> **DIRECTIONS FOR THIS TASK**: If an entry holds a picture, drop the picture and restate the rest word for word.

--------------------

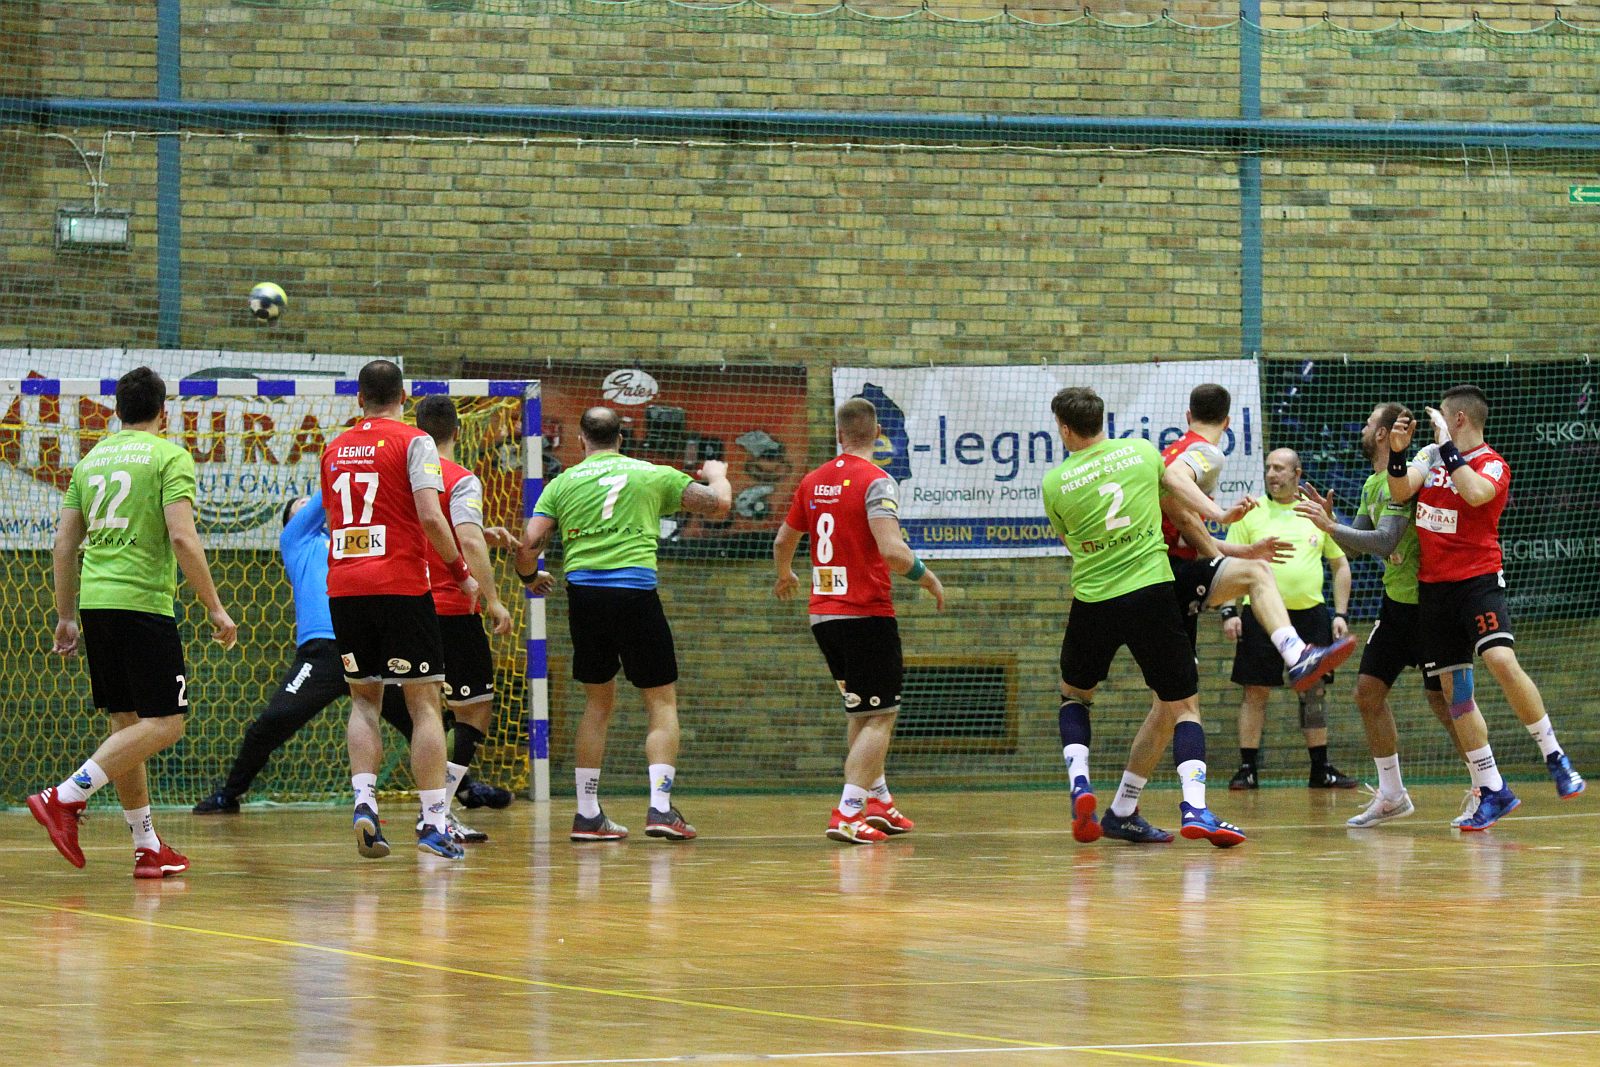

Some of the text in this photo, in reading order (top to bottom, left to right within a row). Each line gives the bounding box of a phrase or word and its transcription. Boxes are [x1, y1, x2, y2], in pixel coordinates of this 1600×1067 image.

[603, 373, 656, 400] Gates
[337, 446, 376, 458] LEGNICA
[1061, 446, 1136, 481] OLIMPIA MEDEX
[1060, 455, 1145, 495] PIEKARY ŚLĄSKIE
[87, 471, 131, 532] 22
[332, 471, 379, 525] 17
[598, 473, 628, 520] 7
[913, 485, 994, 505] Regionalny
[1000, 484, 1040, 501] Portal
[1098, 482, 1131, 531] 2
[816, 512, 835, 564] 8
[923, 526, 972, 542] LUBIN
[1475, 611, 1499, 635] 33
[175, 675, 188, 707] 2
[285, 662, 313, 695] Kempa

--------------------

> **WORKED SOLUTION**:
Some of the text in this photo, in reading order (top to bottom, left to right within a row). Each line gives the bounding box of a phrase or word and its transcription. Boxes are [x1, y1, x2, y2], in pixel coordinates of this 1600×1067 image.

[603, 373, 656, 400] Gates
[337, 446, 376, 458] LEGNICA
[1061, 446, 1136, 481] OLIMPIA MEDEX
[1060, 455, 1145, 495] PIEKARY ŚLĄSKIE
[87, 471, 131, 532] 22
[332, 471, 379, 525] 17
[598, 473, 628, 520] 7
[913, 485, 994, 505] Regionalny
[1000, 484, 1040, 501] Portal
[1098, 482, 1131, 531] 2
[816, 512, 835, 564] 8
[923, 526, 972, 542] LUBIN
[1475, 611, 1499, 635] 33
[175, 675, 188, 707] 2
[285, 662, 313, 695] Kempa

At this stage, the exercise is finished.